YOUR OBJECTIVE: Leave no picture in, and give every entry again exactly.

Dataset items:
-=-=-=-=-

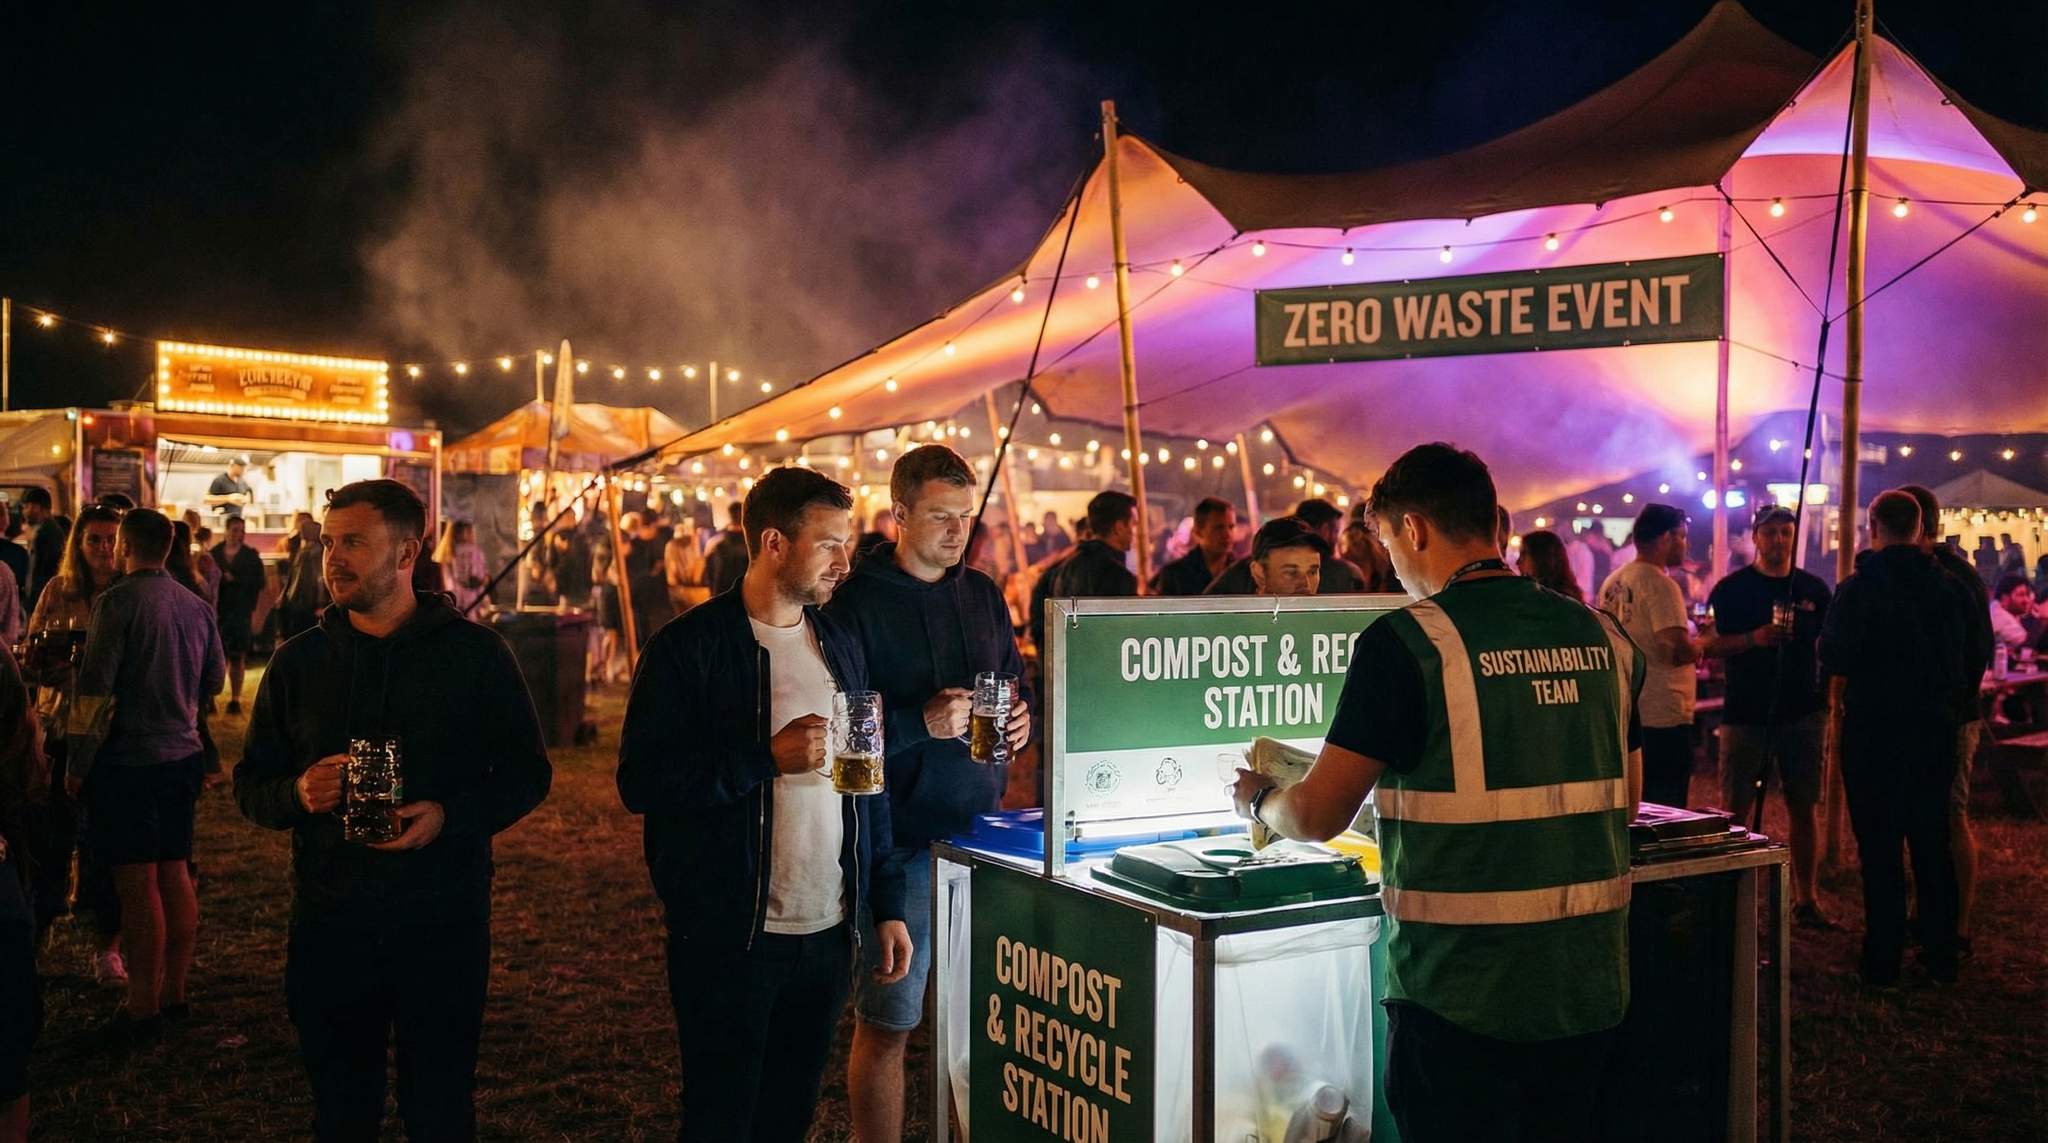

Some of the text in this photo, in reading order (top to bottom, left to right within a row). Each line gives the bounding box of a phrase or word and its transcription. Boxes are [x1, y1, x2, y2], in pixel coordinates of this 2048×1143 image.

[1283, 275, 1690, 348] ZERO WASTE EVENT
[1121, 635, 1268, 682] COMPOST
[1277, 633, 1301, 676] &
[1479, 647, 1610, 677] SUSTAINABILITY
[1204, 683, 1323, 729] STATION
[1532, 679, 1579, 705] TEAM
[996, 935, 1122, 1029] COMPOST
[987, 993, 1131, 1104] & RECYCLE
[1003, 1062, 1110, 1143] STATION

-=-=-=-=-

RESPONSE AREA:
Some of the text in this photo, in reading order (top to bottom, left to right within a row). Each line gives the bounding box of a phrase or word and its transcription. Boxes are [x1, y1, x2, y2], in pixel coordinates of this 2048×1143 image.

[1283, 275, 1690, 348] ZERO WASTE EVENT
[1121, 635, 1268, 682] COMPOST
[1277, 633, 1301, 676] &
[1479, 647, 1610, 677] SUSTAINABILITY
[1204, 683, 1323, 729] STATION
[1532, 679, 1579, 705] TEAM
[996, 935, 1122, 1029] COMPOST
[987, 993, 1131, 1104] & RECYCLE
[1003, 1062, 1110, 1143] STATION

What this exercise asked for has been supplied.